Le cœur est le premier organe à subir une morphogenèse asymétrique dans l'embryon. Sigolène Meilhac, qui dirige le laboratoire « Morphogénèse du cœur » à l’Institut Imagine (Inserm, AP-HP, Université Paris Cité), et son équipe ont déjà montré qu’en absence de Nodal, les asymétries sont présentes, mais réduites, et la forme du tube cardiaque (le cœur embryonnaire) est anormale. Cela indique que Nodal n'est pas toujours nécessaire pour initier l'asymétrie et qu'il existe d'autres facteurs d'asymétrie en plus de la signalisation Nodal.
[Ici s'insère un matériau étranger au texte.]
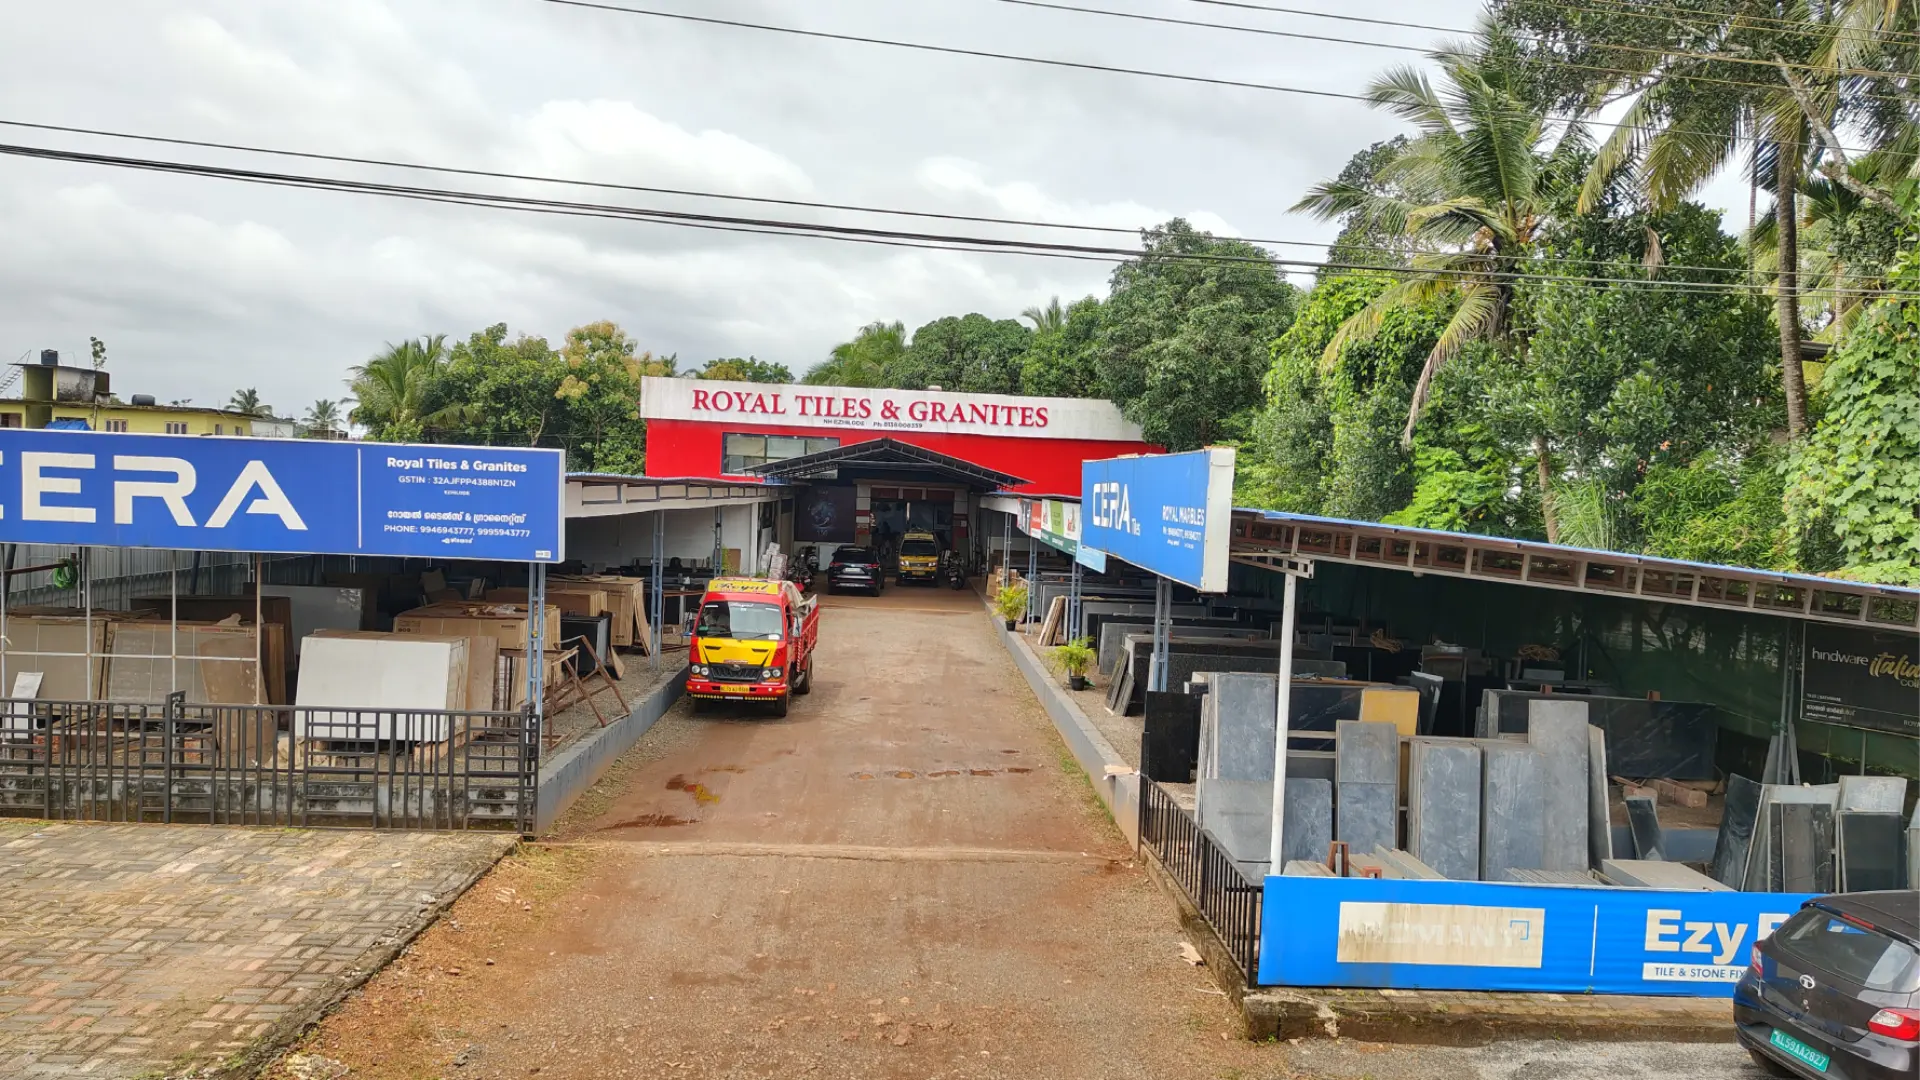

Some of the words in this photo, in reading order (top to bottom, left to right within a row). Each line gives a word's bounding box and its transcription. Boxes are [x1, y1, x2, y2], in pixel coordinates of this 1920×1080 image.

Dans le cadre de leurs travaux, dont les résultats ont été publiés récemment dans PlosBiology, les chercheurs se sont concentrés sur l'expression asymétrique des gènes au cours du développement embryonnaire. En comparant des échantillons gauches et droits, ils ont révélé que Notch3 est un nouveau gène enrichi à gauche de l’embryon. Notch3, membre de la famille des récepteurs Notch, est déjà connu pour son rôle dans la formation des muscles lisses des artères, par exemple dans le syndrome de CADASIL, une maladie génétique touchant les petits vaisseaux sanguins au niveau du cerveau. L’équipe de Sigolène Meilhac a maintenant montré que Notch3 est exprimé dans les cellules cardiaques et co-exprimé avec Nodal. La simple mutation de Notch3 ne cause pas d’hétérotaxie, mais génère des anomalies du ventricule, de la valve aortique, de la septation (cloisonnement) cardiaque et de l'artère coronaire. En revanche la mutation de Notch3 aggrave le phénotype des mutants Nodal, montrant son rôle comme gène modificateur des défauts de latéralité.
Dans une cohorte de patients, les chercheurs ont également identifié de nouveaux variants rares du gène NOTCH3, associées à deux types d’anomalies cardiaques : similaires à celles observées chez la souris mutante pour Notch3 ou similaires à celles observées dans l'hétérotaxie.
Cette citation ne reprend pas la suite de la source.